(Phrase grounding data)
□ □ □ □ □ □ □

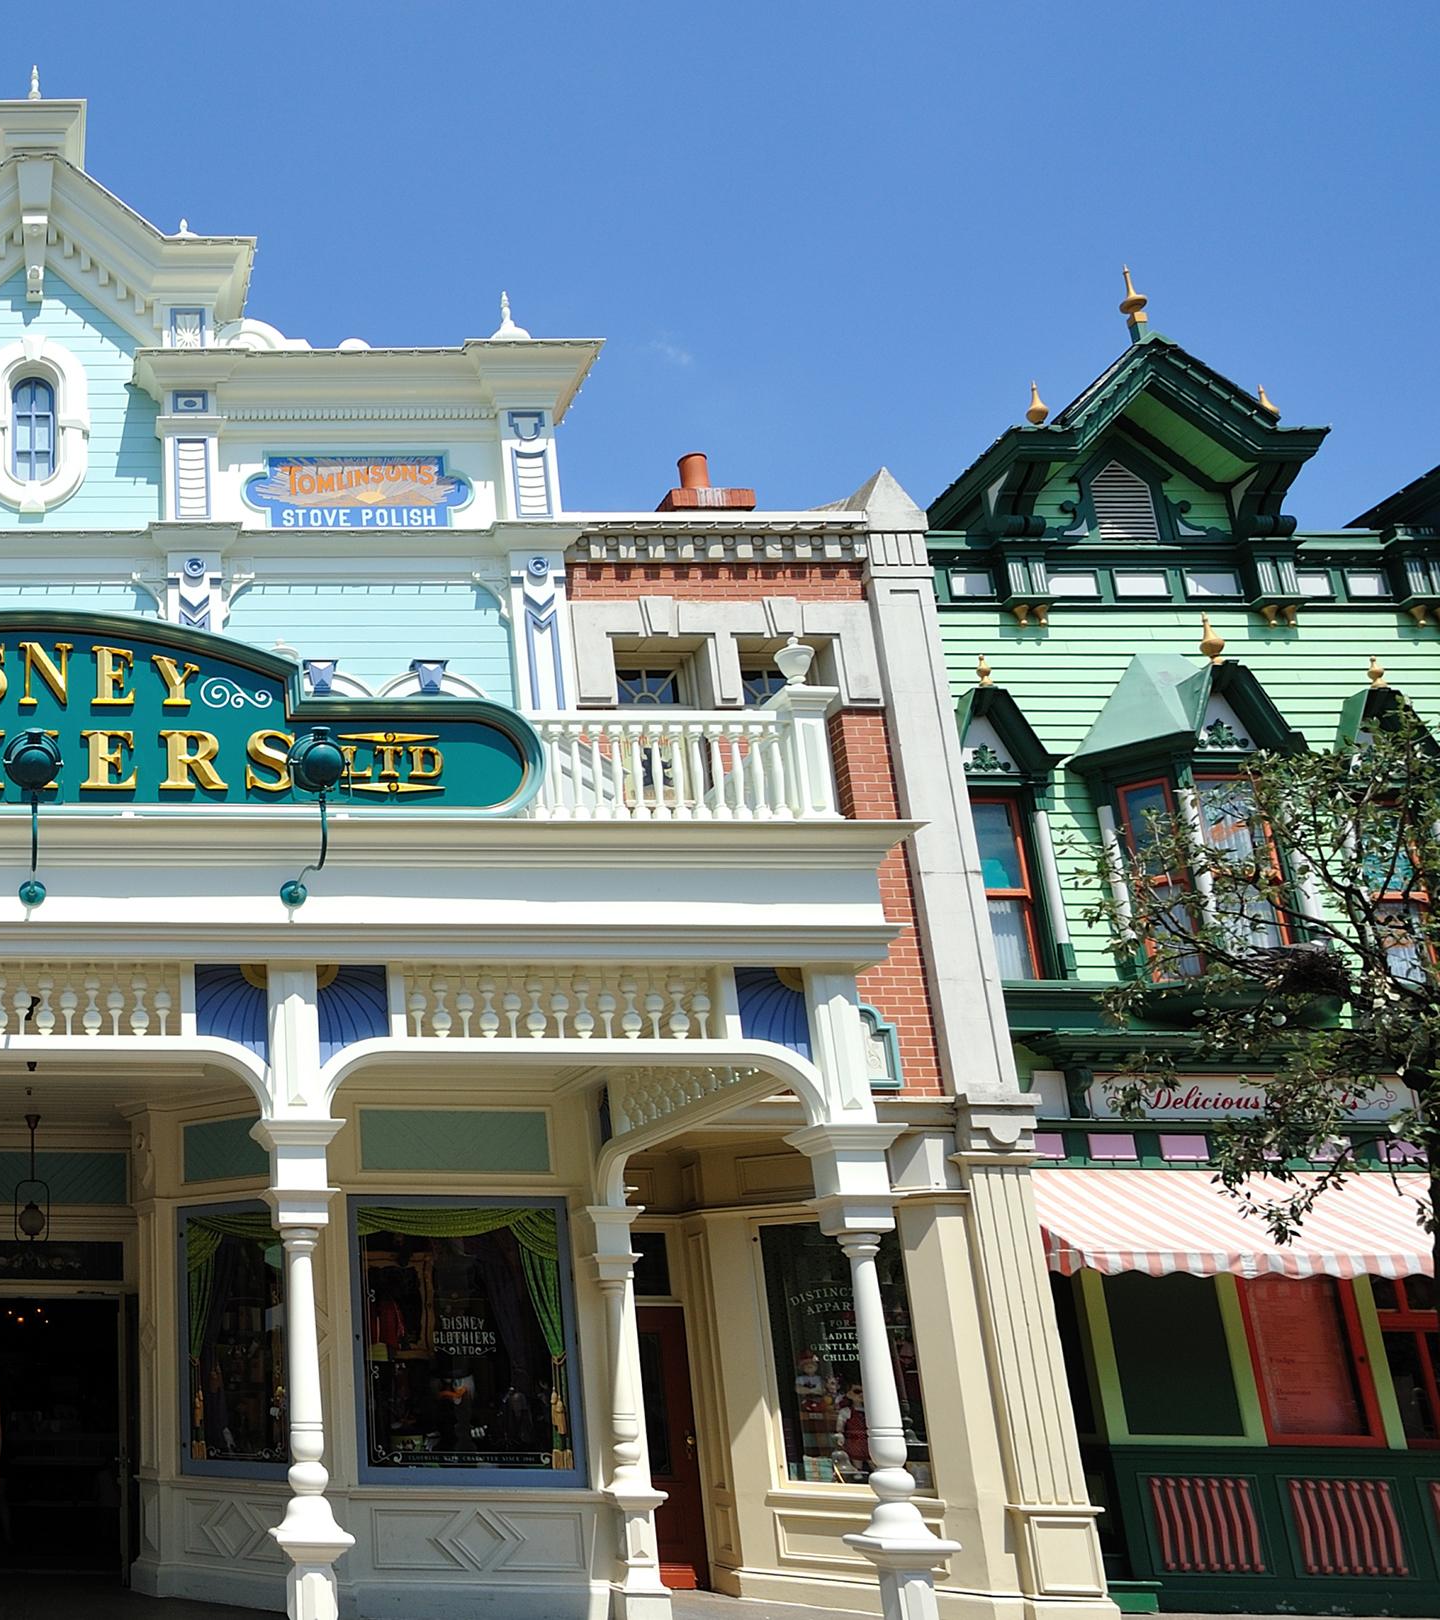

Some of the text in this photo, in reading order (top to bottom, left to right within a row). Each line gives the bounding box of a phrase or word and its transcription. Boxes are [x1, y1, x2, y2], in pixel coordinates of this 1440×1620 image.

[282, 508, 436, 527] STOVE POLISH
[340, 745, 445, 778] LTD
[1150, 1085, 1261, 1110] Delicious
[790, 1287, 854, 1307] DISTINC
[806, 1301, 855, 1315] APPAR
[441, 1316, 485, 1330] DISNEY
[830, 1319, 850, 1328] FOR
[432, 1331, 497, 1345] CLOTHIERS

□ □ □ □ □ □ □

§ **Task to carry out**: Each entry needs to be returned verbatim, with its pictures left out.

§ **Solved problem**:
Some of the text in this photo, in reading order (top to bottom, left to right within a row). Each line gives the bounding box of a phrase or word and its transcription. Boxes are [x1, y1, x2, y2], in pixel coordinates of this 1440×1620 image.

[282, 508, 436, 527] STOVE POLISH
[340, 745, 445, 778] LTD
[1150, 1085, 1261, 1110] Delicious
[790, 1287, 854, 1307] DISTINC
[806, 1301, 855, 1315] APPAR
[441, 1316, 485, 1330] DISNEY
[830, 1319, 850, 1328] FOR
[432, 1331, 497, 1345] CLOTHIERS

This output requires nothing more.